----- Data shown

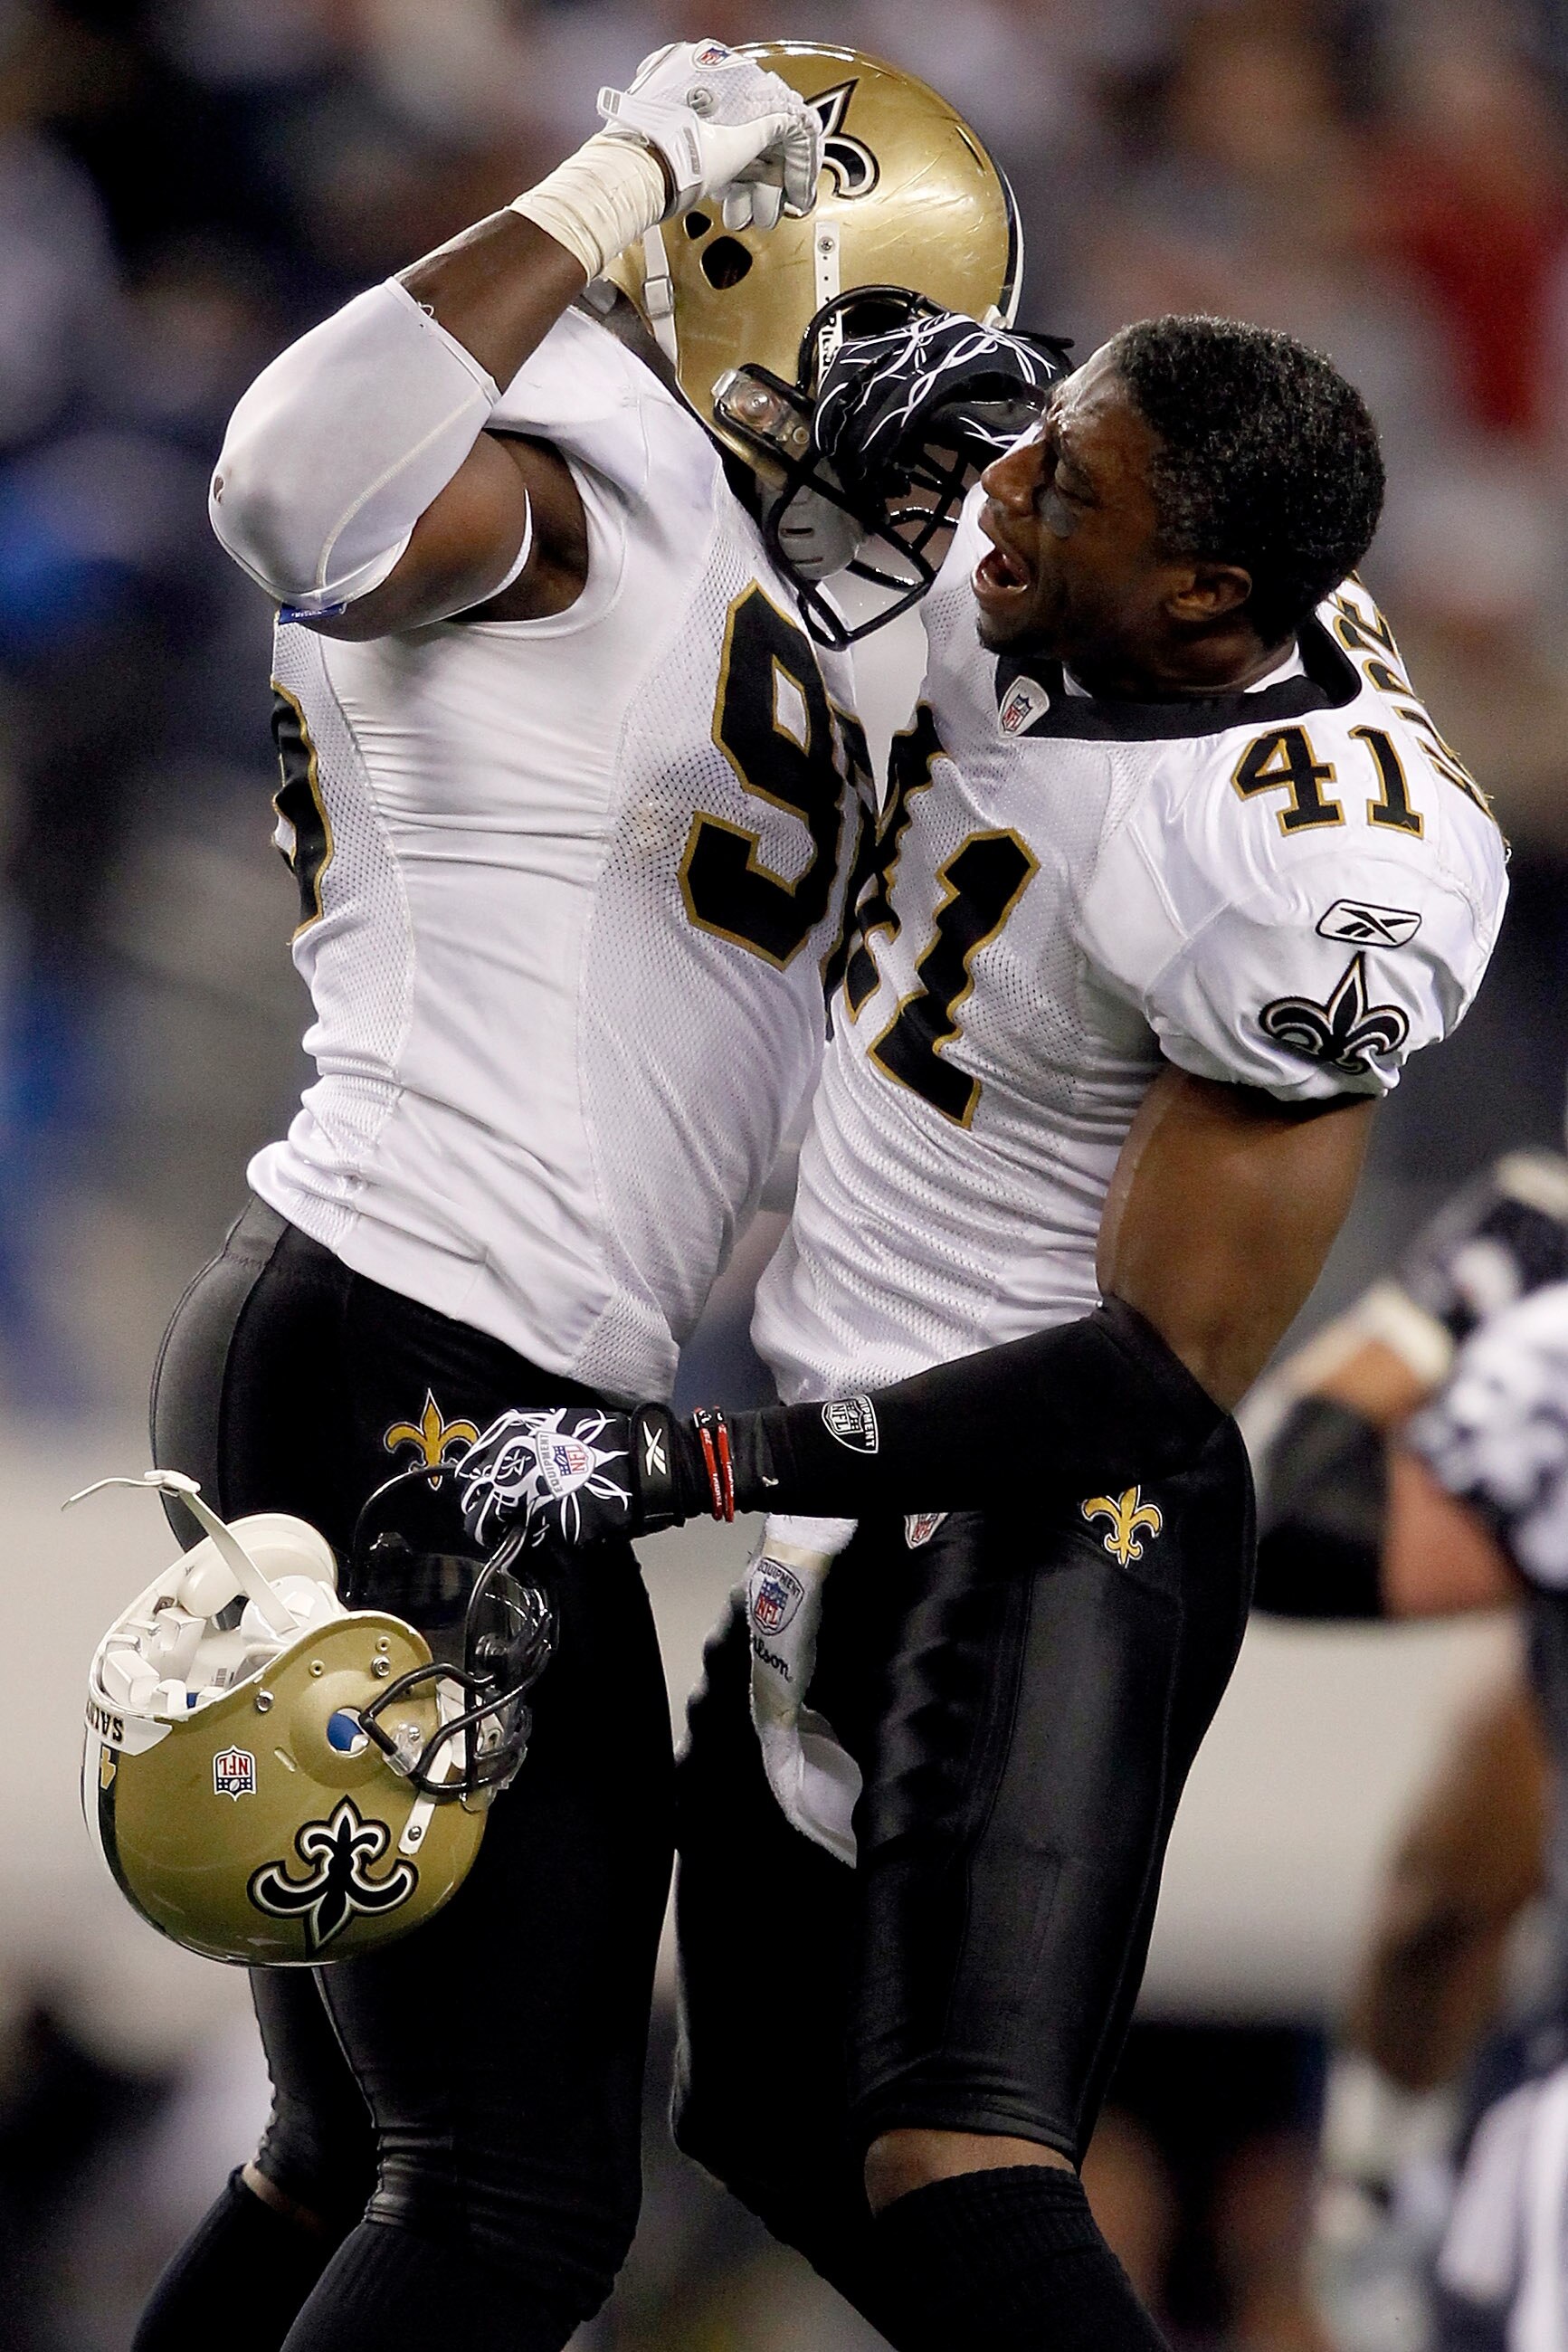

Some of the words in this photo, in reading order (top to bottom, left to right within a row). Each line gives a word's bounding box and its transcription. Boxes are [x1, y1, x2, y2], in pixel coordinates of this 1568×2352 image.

[1231, 723, 1424, 840] 41
[539, 1433, 564, 1493] EQUIPMENT
[566, 1444, 586, 1472] NFL
[755, 1595, 782, 1626] NFL
[752, 1634, 794, 1683] ilson
[218, 1755, 250, 1776] NFL

----------

Everything in the entries above except the pictures should be given again exactly.

Some of the words in this photo, in reading order (top to bottom, left to right within a row). Each line gives a word's bounding box and its transcription. Boxes are [x1, y1, x2, y2], in pixel coordinates of this 1568×2352 image.

[1231, 723, 1424, 840] 41
[539, 1433, 564, 1493] EQUIPMENT
[566, 1444, 586, 1472] NFL
[755, 1595, 782, 1626] NFL
[752, 1634, 794, 1683] ilson
[218, 1755, 250, 1776] NFL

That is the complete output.